One​ year, the mean age of an inmate on death row was 40.9 years. A sociologist wondered whether the mean age of a​ death-row inmate has changed since then. She randomly selects 32 death-row inmates and finds that their mean age is 40.3​, with a standard deviation of 8.8. Construct a​ 95% confidence interval about the mean age. What does the interval​ imply? (a) State the null and alternative hypotheses. (b) With​ 95% confidence, the mean age of a death row inmate is between ??? years and ??? years. (c) What does the interval imply?

(a) H0​: μ = 40.9 versus H1​: μ ≠ 40.9 (b) 37.13 and 43.47 STAT --> TESTS --> 8 --> plug in data --> (upper, lower) (c) Since the mean age from the earlier year is contained in the​ interval, there is not sufficient evidence to conclude that the mean age had changed.

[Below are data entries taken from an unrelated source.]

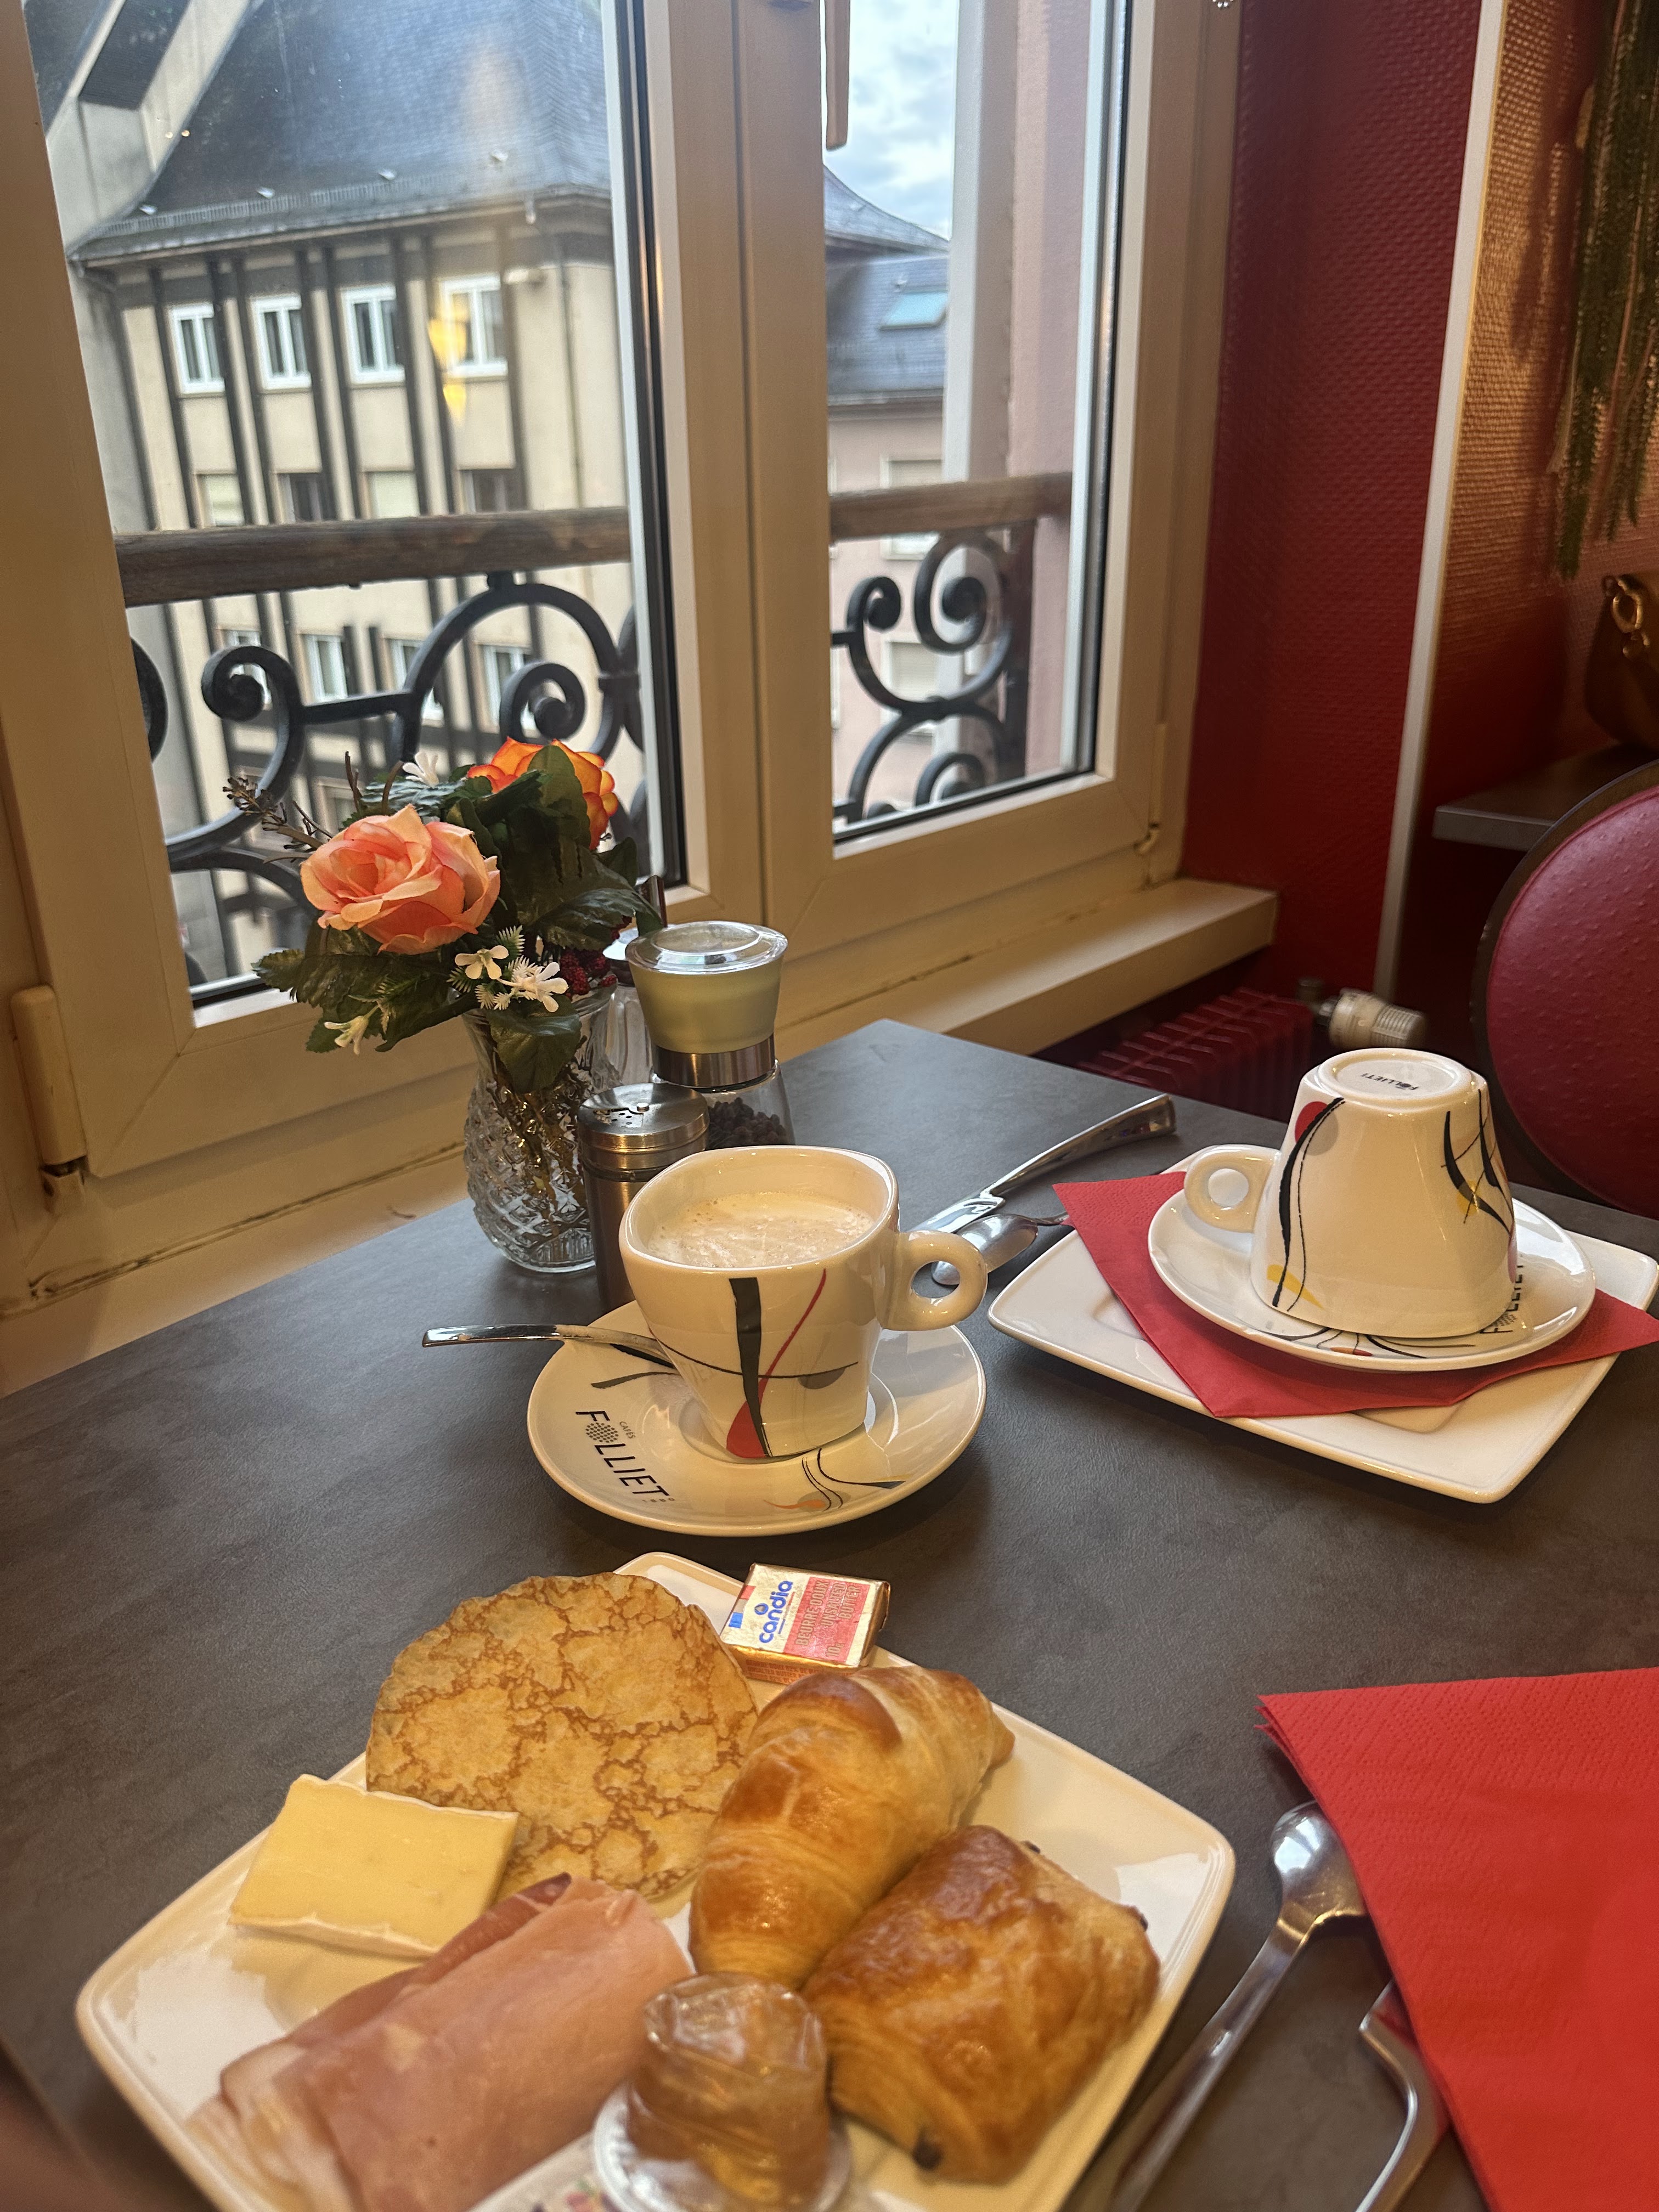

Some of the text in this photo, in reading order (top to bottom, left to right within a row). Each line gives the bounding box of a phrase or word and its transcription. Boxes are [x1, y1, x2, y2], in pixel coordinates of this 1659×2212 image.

[575, 1410, 670, 1497] FOLLIET
[759, 1580, 793, 1643] candia
[795, 1607, 820, 1646] BEURRE
[811, 1580, 831, 1605] DOUX
[821, 1583, 847, 1627] UNSALTED
[839, 1585, 861, 1619] BUTTER

A certain vehicle emission inspection station advertises that the wait time for customers is less than 7 minutes. A local resident wants to test this claim and collects a random sample of 49 wait times for customers at the testing station. He finds that the sample mean is 6.58 minutes, with a standard deviation of 3.1 minutes. Does the sample evidence support the inspection​ station's claim? Use the α=0.10 level of significance to test the advertised claim that the wait time is less than 7 minutes. (a) Determine the null and alternative hypotheses. (b) t0 and p-value (c) Since the​ P-value is ??? than α​, ??? the null hypothesis. There ???sufficient evidence to conclude that the mean wait time is less than 7 minutes. In other​ words, the evidence ??? the advertised claim.

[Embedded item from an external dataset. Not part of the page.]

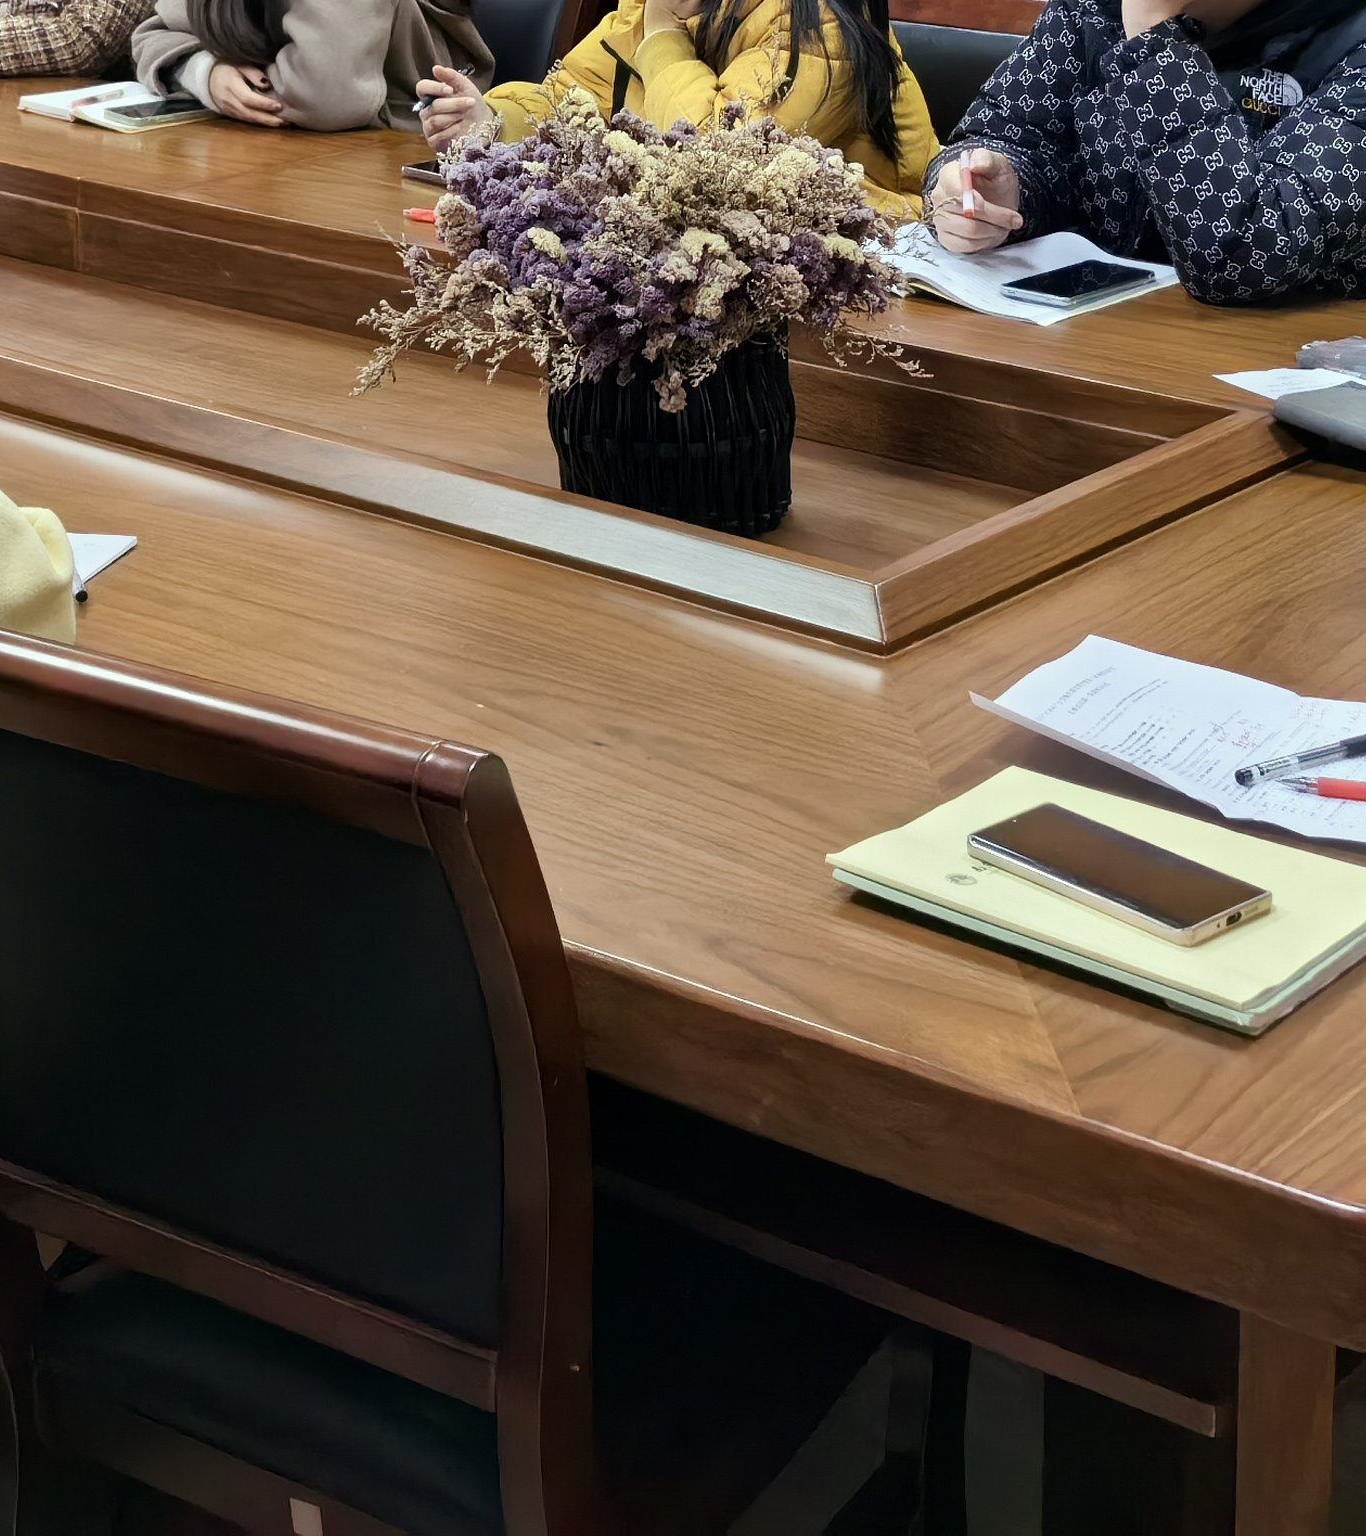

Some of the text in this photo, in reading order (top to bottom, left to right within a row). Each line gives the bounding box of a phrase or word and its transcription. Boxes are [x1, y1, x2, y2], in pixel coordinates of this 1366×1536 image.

[1262, 68, 1283, 84] THE
[1240, 75, 1282, 97] NORTH
[1252, 88, 1282, 105] FACE
[1242, 97, 1281, 116] GUCCI

(a) H0​: μ = 7 versus H1​: μ < 7 (b) t0 = -.95 and p-value = .174 (c) greater, do not reject, is not, does not support

A credit score is used by credit agencies​ (such as mortgage companies and​ banks) to assess the creditworthiness of individuals. Values range from 300 to​ 850, with a credit score over 700 considered to be a quality credit risk. According to a​ survey, the mean credit score is 704.7. A credit analyst wondered whether​ high-income individuals​ (incomes in excess of​ $100,000 per​ year) had higher credit scores. He obtained a random sample of 37 ​high-income individuals and found the sample mean credit score to be 715.2 with a standard deviation of 82.7. Conduct the appropriate test to determine if​ high-income individuals have higher credit scores at the α=0.05 level of significance. (a) State the null and alternative hypotheses. (b) t0 = ??? (c) p-value = ??? (d) ??? the null hypothesis. There ??? sufficient evidence to claim that the mean credit score of ​high-income individuals is ??? ???

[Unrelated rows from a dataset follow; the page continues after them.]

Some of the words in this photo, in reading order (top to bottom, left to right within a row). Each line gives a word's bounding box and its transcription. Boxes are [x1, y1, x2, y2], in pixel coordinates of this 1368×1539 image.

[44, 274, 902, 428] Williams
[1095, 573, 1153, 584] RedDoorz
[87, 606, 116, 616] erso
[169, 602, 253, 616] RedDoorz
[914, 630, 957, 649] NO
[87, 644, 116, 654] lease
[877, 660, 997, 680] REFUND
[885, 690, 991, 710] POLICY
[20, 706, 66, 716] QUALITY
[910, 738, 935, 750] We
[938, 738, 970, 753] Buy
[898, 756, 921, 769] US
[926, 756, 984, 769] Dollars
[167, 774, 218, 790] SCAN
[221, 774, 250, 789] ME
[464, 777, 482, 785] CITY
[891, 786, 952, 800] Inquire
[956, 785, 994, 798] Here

(a) H0​: μ = 704.7 versus H1​: μ > 704.7 (b) t0 = .77 STAT --> TESTS --> 2:T-Test --> plug in (c) p-vale = .222 STAT --> TESTS --> 2:T-Test --> plug in (d) fail to reject, is not, greater than, 704.7

It has long been stated that the mean temperature of humans is 98.6°F. ​However, two researchers currently involved in the subject thought that the mean temperature of humans is less than 98.6°F. They measured the temperatures of 50 healthy adults 1 to 4 times daily for 3​ days, obtaining 225 measurements. The sample data resulted in a sample mean of 98.3°F and a sample standard deviation of 0.9°F. Use the​ P-value approach to conduct a hypothesis test to judge whether the mean temperature of humans is less than 98.6°F at the α=0.01 level of significance. (a) State the null and alternative hypotheses. (b) t0 and p-value? (c) Analyze

(a) H0​: μ = 98.6 versus H1​: μ < 98.6 (b) t0 = -5 and p-value = 0 note: MAKE SURE TO CHECK IF IT IS IN SCIENTFIC NOTATION THEN IT EQUALS 0 (c) Reject H0 since the​ P-value is less than the significance level.

Several years​ ago, the mean height of women 20 years of age or older was 63.7 inches. Suppose that a random sample of 45 women who are 20 years of age or older today results in a mean height of 64.3 inches. ​(a) State the appropriate null and alternative hypotheses to assess whether women are taller today. ​(b) Suppose the​ P-value for this test is 0.19. Explain what this value represents. ​(c) Write a conclusion for this hypothesis test assuming an α=0.05 level of significance.

(a) H0​: μ=63.7in. versus H1​: μ>63.7in. (b) There is a 0.19 probability of obtaining a sample mean height of 64.3 inches or taller from a population whose mean height is 63.7 inches. (c) Do not reject the null hypothesis. There is not sufficient evidence to conclude that the mean height of women 20 years of age or older is greater today.

A manufacturer of alloy steel beams requires that the standard deviation of yield strength not exceed 7000 psi. The​ quality-control manager selected a sample of 20 beams and measured their yield strength. The standard deviation of the sample was 8300 psi. Assume that the yield strengths are normally distributed. Does the evidence suggest that the standard deviation of yield strength exceeds 7000 psi at the α=0.01 level of​ significance? (a) Determine the null and alternative hypotheses. (b) (c) (d) There ??? sufficient evidence at the α=0.01 level of significance to conclude that the standard deviation of yield strength exceeds 7000 psi.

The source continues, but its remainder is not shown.